Migração, pobreza, insegurança alimentar, água, fragilidades no tocante à adaptação, falta de acesso a tecnologias e recursos financeiros, dependência de energias fósseis, falta de acesso a eletricidade e saneamento, falta de acesso a moradias dignas, questões de gênero são temas intrínsecos ao debate global que encontram espaço na agenda climática. O princípio base da UNFCCC, pelo qual os países desenvolvidos são os maiores responsáveis pelo acúmulo histórico de gases de efeito estufa (GEE) e, portanto, devem apoiar financeiramente países em desenvolvimento, foi acordado em 1992 e repactuado em 2015, com a aprovação do Acordo de Paris.
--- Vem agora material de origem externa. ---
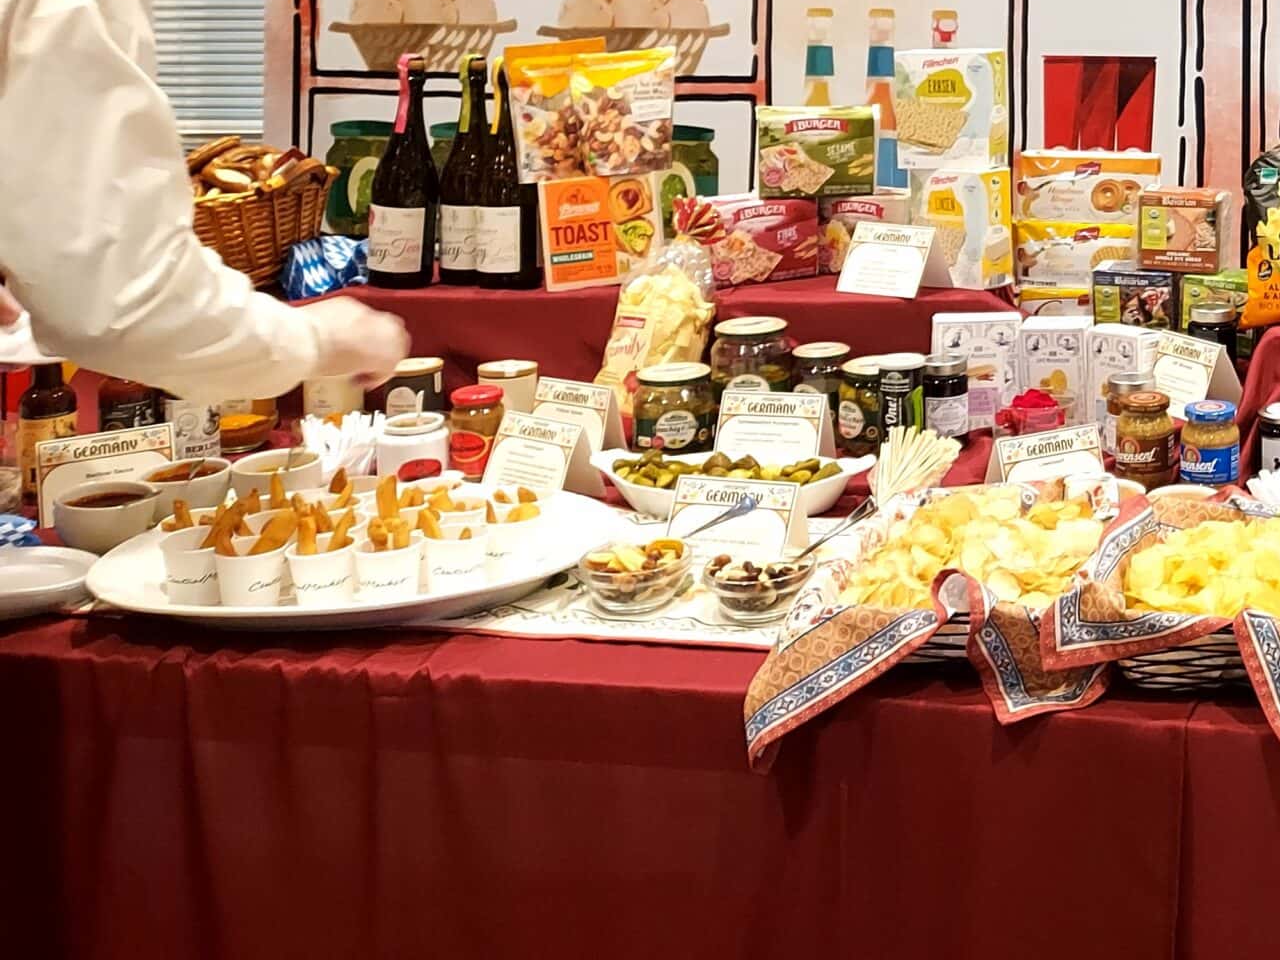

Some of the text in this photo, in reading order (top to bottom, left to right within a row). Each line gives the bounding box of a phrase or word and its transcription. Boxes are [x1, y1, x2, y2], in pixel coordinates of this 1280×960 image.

O Brasil apresentou sua contribuição nacionalmente determinada (NDC) atualizada na COP29, visando mostrar liderança, visto que a COP30, em 2025, será no coração da Amazônia, em Belém. Espera-se que até fevereiro de 2025 todas as Partes apresentem suas NDCs atualizadas, o que permitirá medir a nova ambição das metas climáticas voltadas para limitar o aumento de temperatura em no máximo 1,5 grau Celsius.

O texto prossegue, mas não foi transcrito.